L’eterna politichetta italiana: la crisi? Sarebbe da ridere se non fossimo alle prese con il Covid e una crisi epocale

149

Il dubbio che la soluzione della crisi possa essere nelle mani di Mastella e Cesa, immagini plastiche dei Responsabili in grado di puntellare il Governo Conte 2 o facilitare il Conte 3, certifica che nulla è cambiato dagli anni 1950.
La crisi viene aperta da un partito minore della maggioranza che prima protesta poi ammonisce quindi si sfila ma dichiarando, in modo forte e chiaro, di essere pronto ad ogni proposta del Presidente del consiglio appena sfiduciato.

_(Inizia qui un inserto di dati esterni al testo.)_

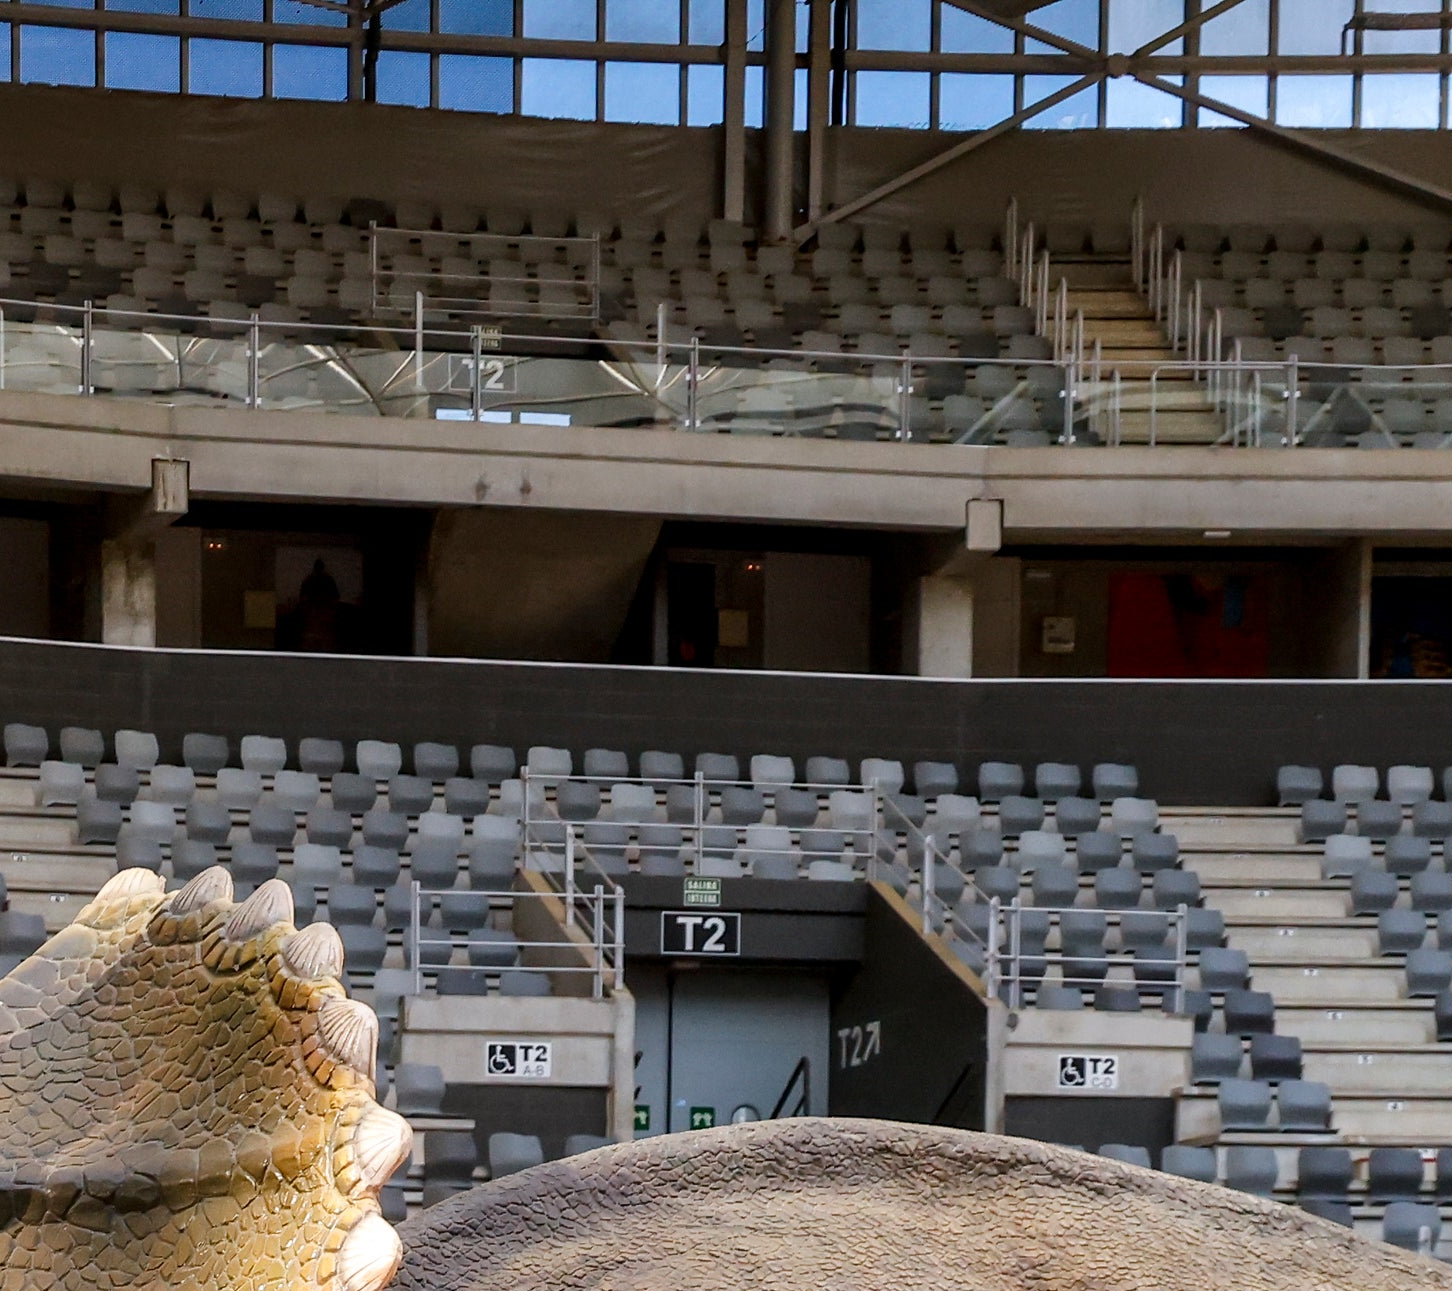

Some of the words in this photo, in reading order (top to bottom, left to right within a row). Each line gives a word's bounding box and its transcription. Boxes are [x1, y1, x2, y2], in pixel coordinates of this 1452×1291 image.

Le segreterie politiche si riuniscono, l’opposizione (stavolta il Centrodestra) chiede tutto sia trasferito in Parlamento, i partiti di maggioranza prendono tempo perché “pontieri” e “colombe” sono all’opera. I media vengono monopolizzati da dichiarazioni voci auspici gossip e tutti gli scenari e i piani A B C C1 C2 ecc diventano possibili, auspicabili, per nulla decisivi tantomeno certi.

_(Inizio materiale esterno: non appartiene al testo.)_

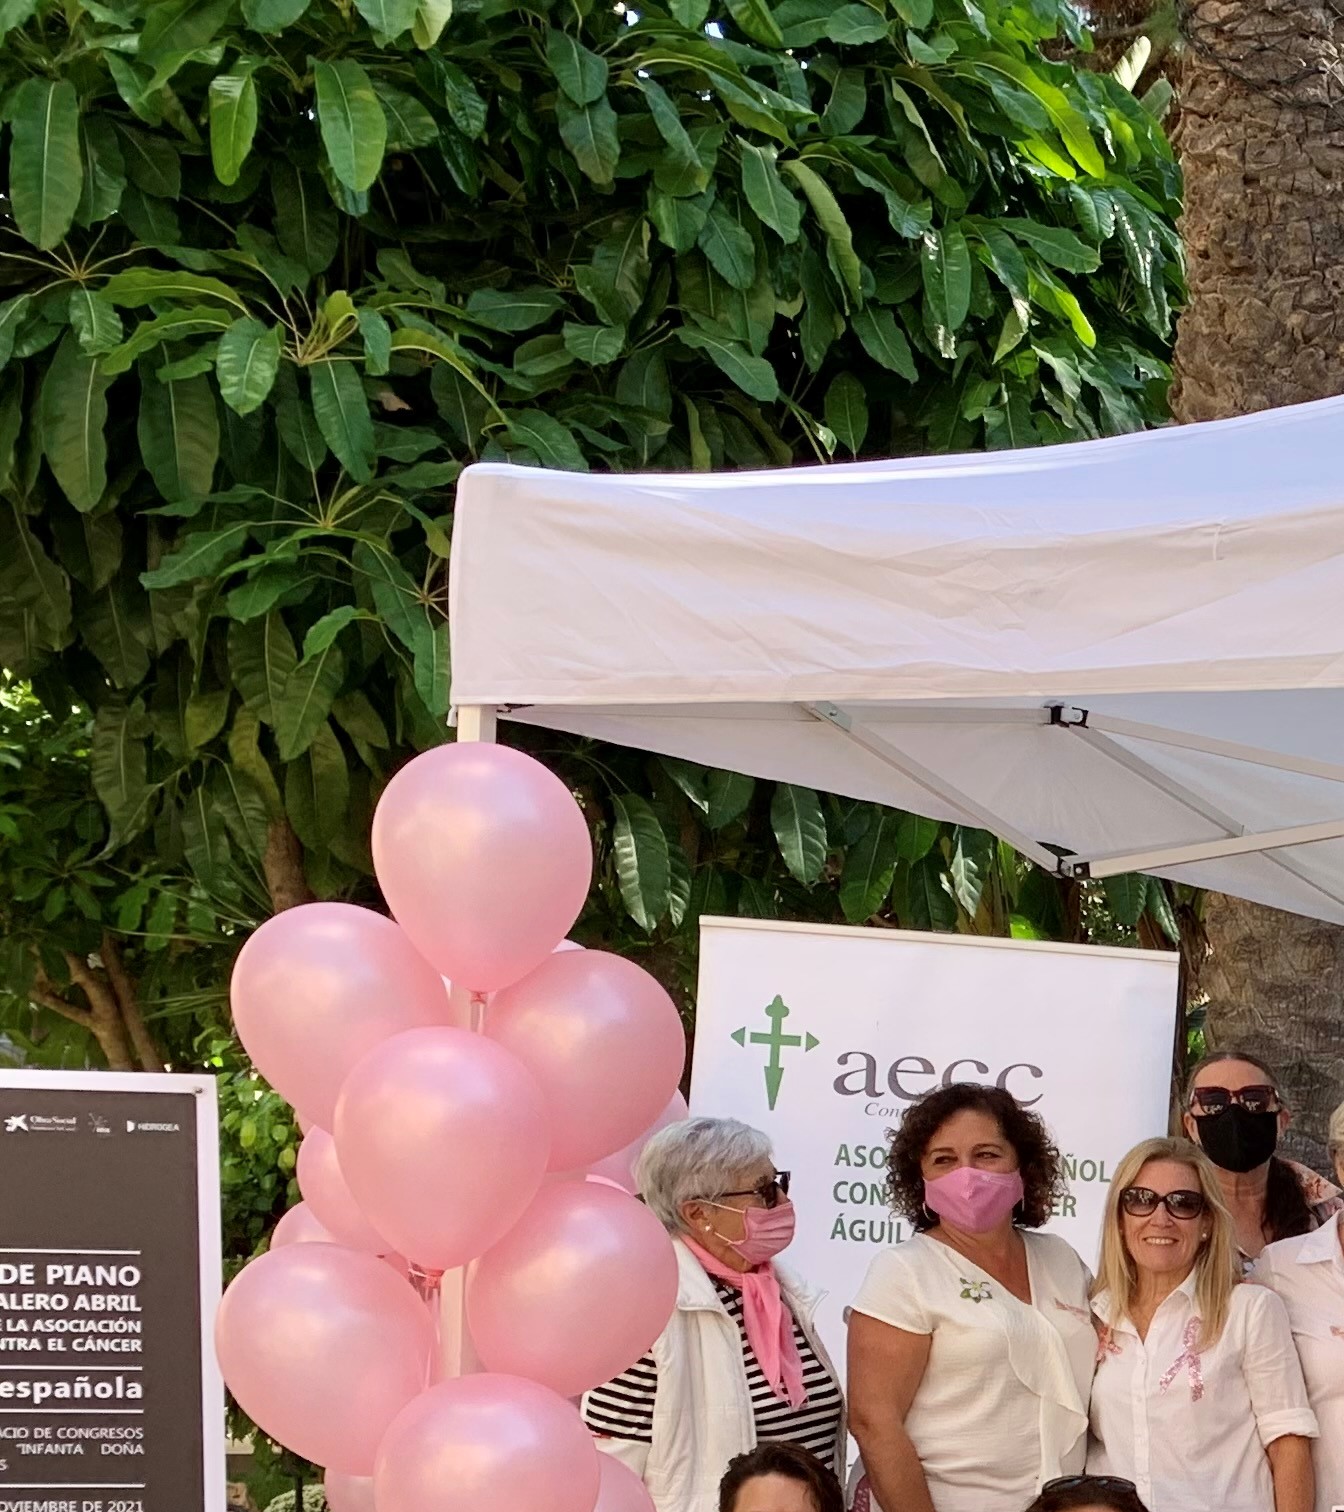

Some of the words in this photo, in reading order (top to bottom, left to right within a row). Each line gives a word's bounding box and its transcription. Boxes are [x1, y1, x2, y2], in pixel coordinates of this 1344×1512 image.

[0, 1264, 35, 1285] DE
[46, 1264, 141, 1287] PIANO
[73, 1294, 142, 1312] ABRIL
[6, 1318, 29, 1332] LA
[32, 1316, 141, 1334] ASOCIACIÓN
[47, 1338, 67, 1352] EL
[71, 1335, 142, 1353] CÁNCER
[0, 1376, 143, 1404] española
[33, 1427, 53, 1439] DE
[56, 1427, 144, 1440] CONGRESOS
[100, 1442, 144, 1456] DOÑA
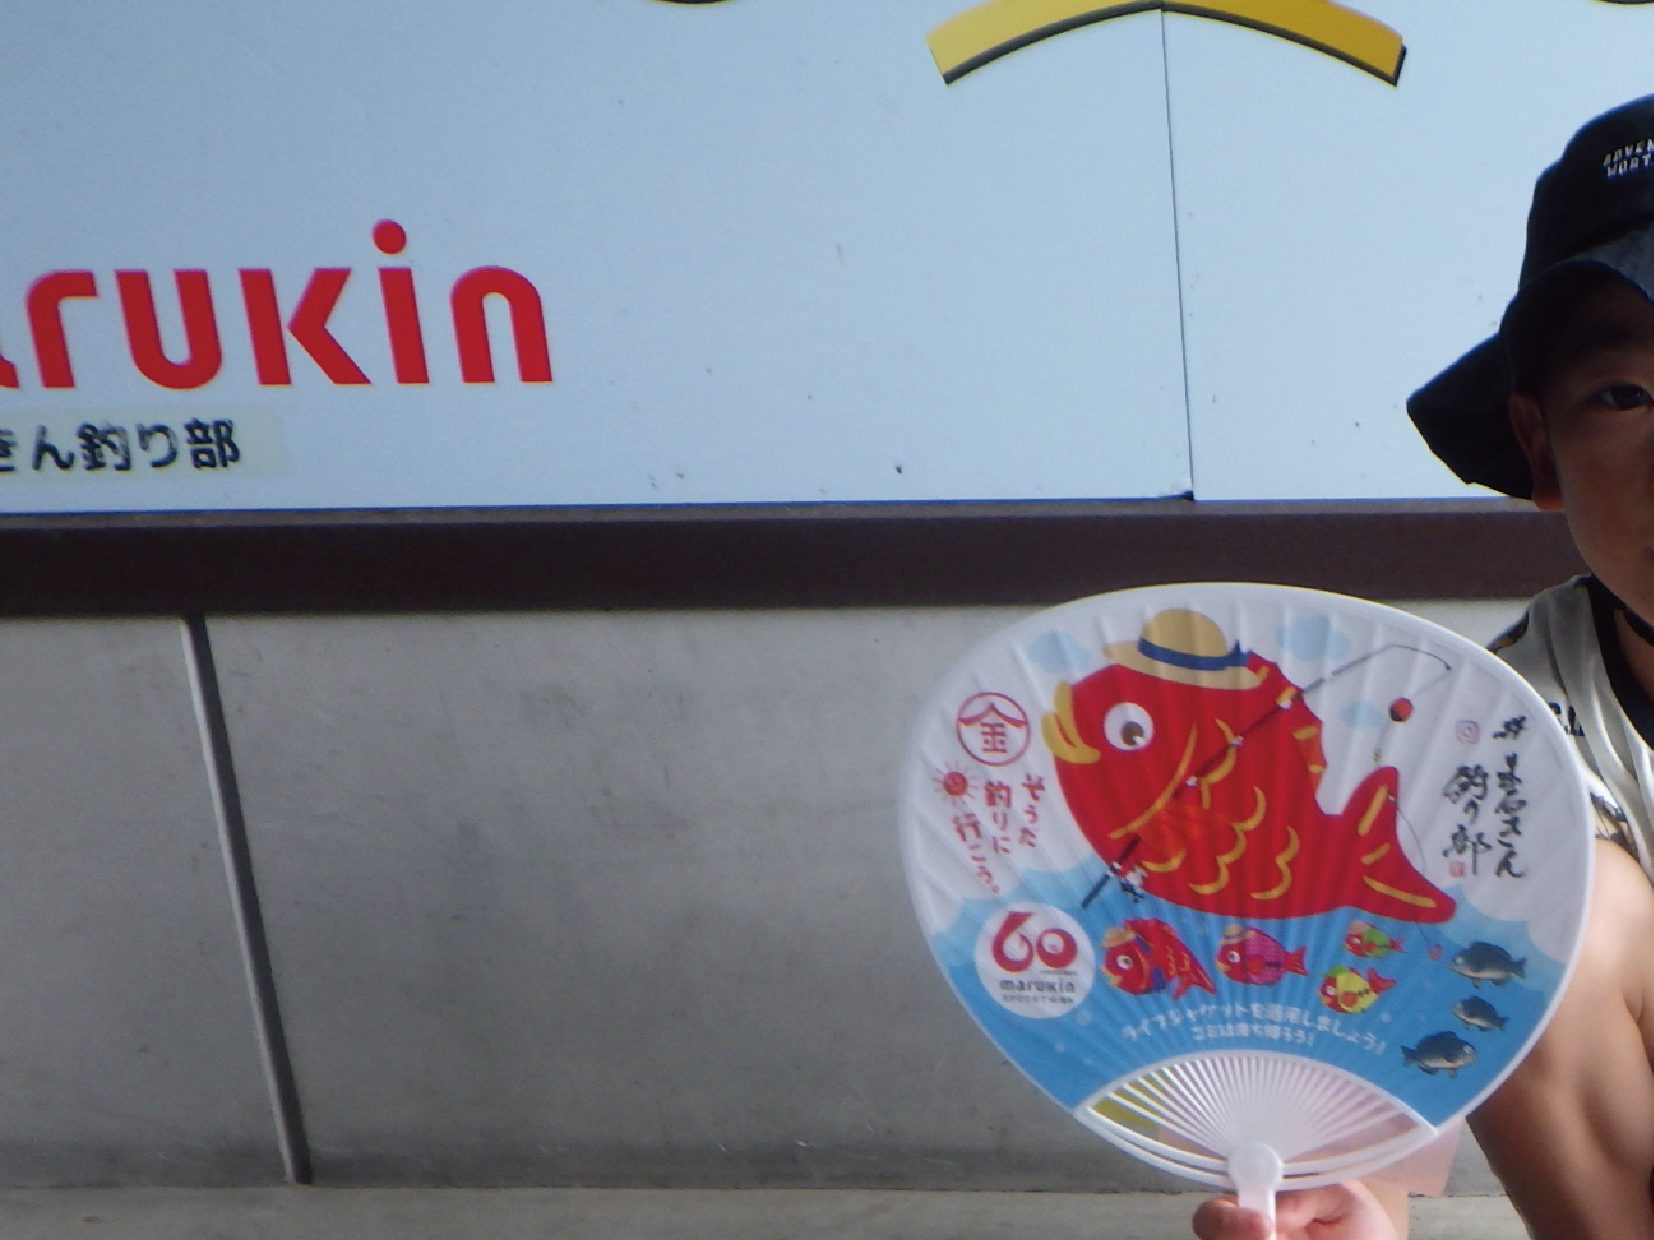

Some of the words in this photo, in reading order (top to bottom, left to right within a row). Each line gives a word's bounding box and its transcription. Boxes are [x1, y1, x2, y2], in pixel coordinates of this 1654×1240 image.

[0, 217, 553, 390] rukin
[984, 779, 1012, 855] 釣りに
[991, 911, 1078, 972] 60

Si disegnano scenari apocalittici, il cui esito peggiore rimangono le Elezioni perché nessuno controlla i cittadini, mentre altri, più o meno complicati, vanno dal rimpasto del Conte 2, al Conte 3 (con ancora Renzi ovvero con i Responsabili, Transfughi o magari nessuno?) infine alla preferita dall’attuale Presidente del Consiglio che freme per riferire al Quirinale e sentirsi assegnare l’incarico esplorativo previa parlamentarizzazione della crisi.
Insomma 20 anni di Azzurri di Berlusconi, qualche annetto dei Bianco/Rossi del PD di D’Alema, Veltroni, Bersani, Renzi & C. non hanno cambiato nulla, salvo fare abortire una riforma costituzionale tanto necessaria quanto sgradita causa il suo alfiere. Il successo della rivoluzione Cinque Stelle aveva acceso speranze e si è rivelata una ammuina prima giallo-verde poi giallo rossa.
Per fortuna scopriamo che il Presidente della Repubblica ha assunto un nuovo ruolo, quello di Commissario della crisi di governo: verrebbe da ridere se la crisi non capitasse durante una pandemia sanitaria che sta decimando gli anziani di tutto il Mondo e provocando una crisi di ricchezza reale, tenuta sociale, superiore a quella della II GM. Perché anche questa crisi, come quasi tutte quelle di fine legislatura, sembra una pantomima utile a Partiti, veri o presunti, e loro Leader, nominati e autoeletti, per cercare il maggiore spazio e la più conveniente collocazione politici in vista delle elezioni in arrivo.
Nel frattempo il piano nazionale di vaccinazione stenta a raggiungere la velocità necessaria ad un livello minimo di immunità di gregge entro primavera/estate e quella economica decima il sistema industriale e commerciale iniziando ad attentare alla formazione socio-culturale dei nostri figli e nipoti. Forse dovrebbero essere queste le priorità.